• Raw data
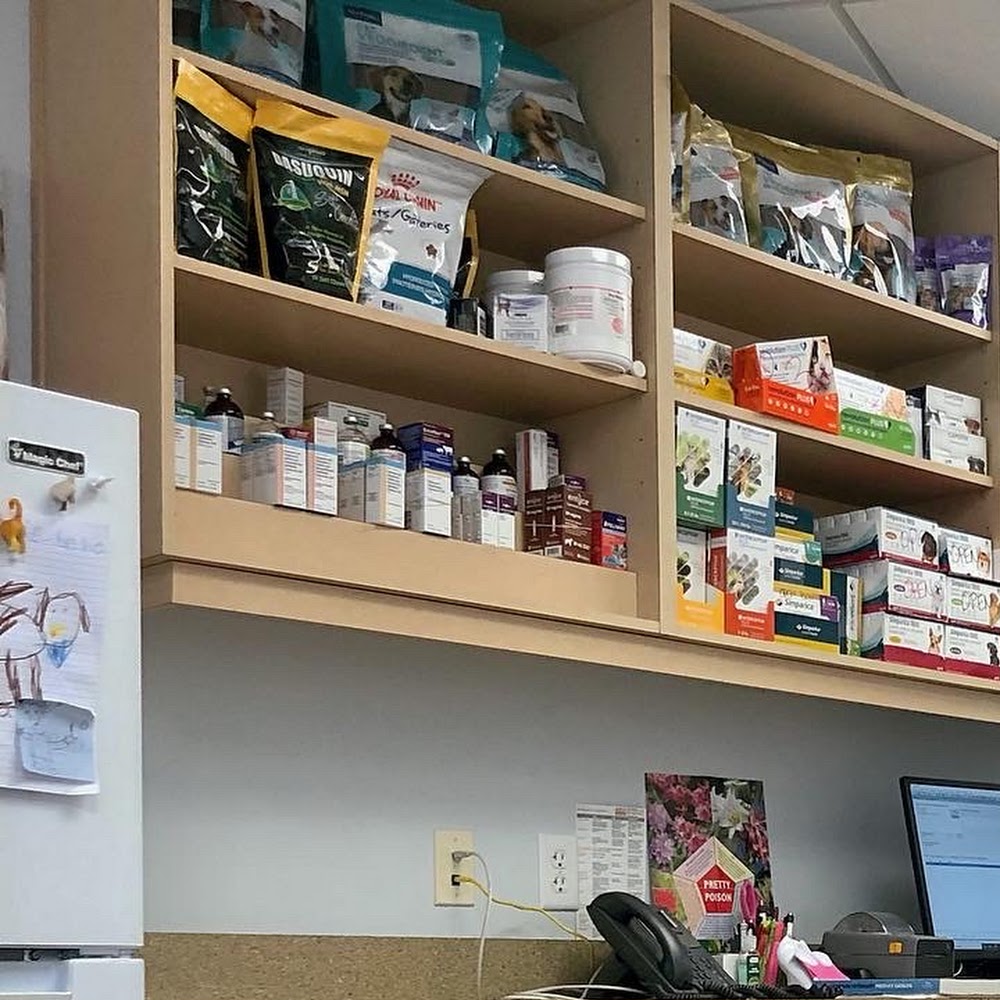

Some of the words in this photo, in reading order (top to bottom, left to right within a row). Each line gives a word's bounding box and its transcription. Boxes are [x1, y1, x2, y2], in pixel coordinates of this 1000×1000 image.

[271, 151, 353, 187] DASUQUIN
[375, 186, 401, 201] OYAL
[22, 450, 55, 466] Magic
[56, 457, 80, 471] Chef
[783, 598, 815, 612] Simparica
[703, 880, 731, 889] PRETTY
[704, 893, 732, 902] POISON
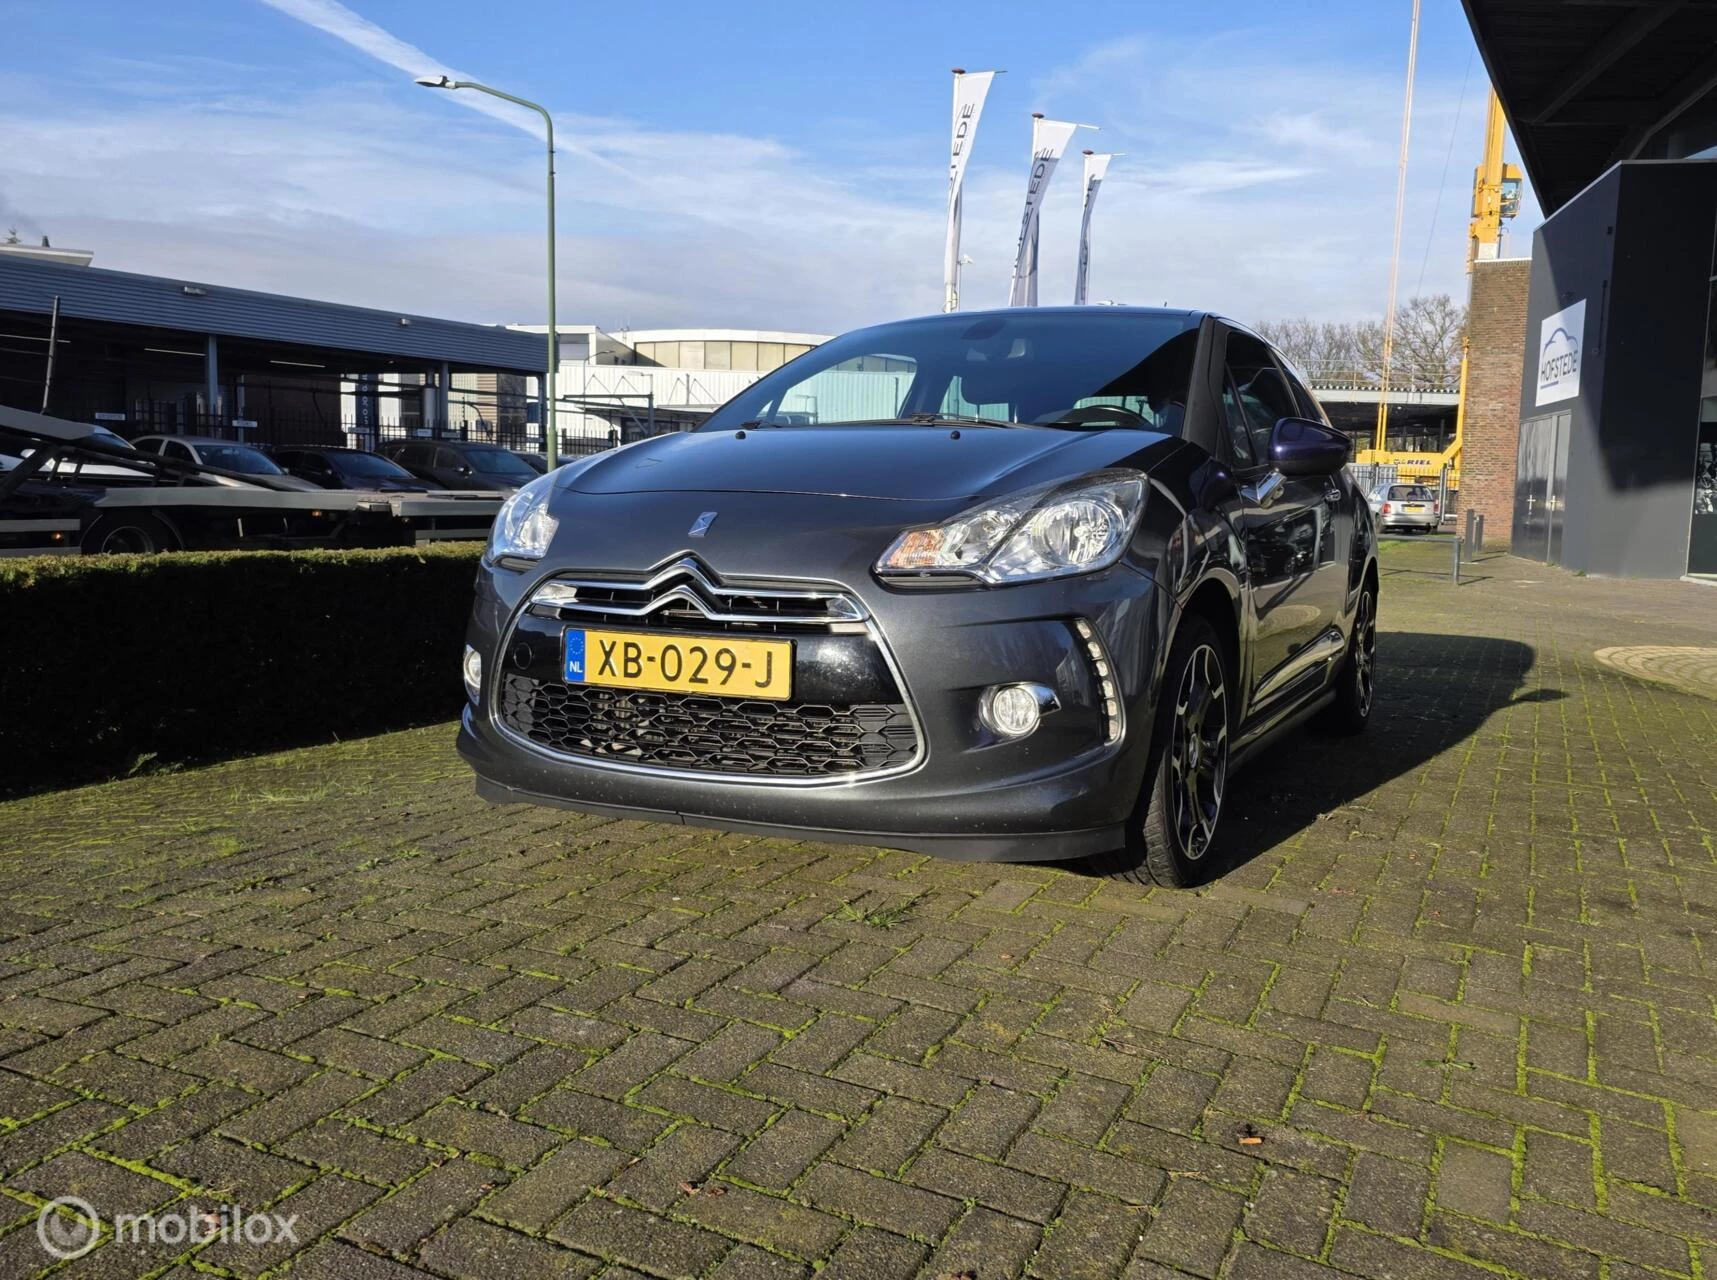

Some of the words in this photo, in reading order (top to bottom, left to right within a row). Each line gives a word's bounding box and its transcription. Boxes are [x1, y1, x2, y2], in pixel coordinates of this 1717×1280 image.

• What is needed
Without the pictures, return all the entries above exactly as they stand.

• Reply to the task
Some of the words in this photo, in reading order (top to bottom, left to right within a row). Each line gives a word's bounding box and its transcription. Boxes are [x1, y1, x2, y2], in pixel coordinates of this 1000×1000 image.

[271, 151, 353, 187] DASUQUIN
[375, 186, 401, 201] OYAL
[22, 450, 55, 466] Magic
[56, 457, 80, 471] Chef
[783, 598, 815, 612] Simparica
[703, 880, 731, 889] PRETTY
[704, 893, 732, 902] POISON

Some of the words in this photo, in reading order (top to bottom, left to right within a row). Each line gives a word's bounding box and its transcription. Boxes are [x1, y1, x2, y2], in pixel coordinates of this 1717×1280 image.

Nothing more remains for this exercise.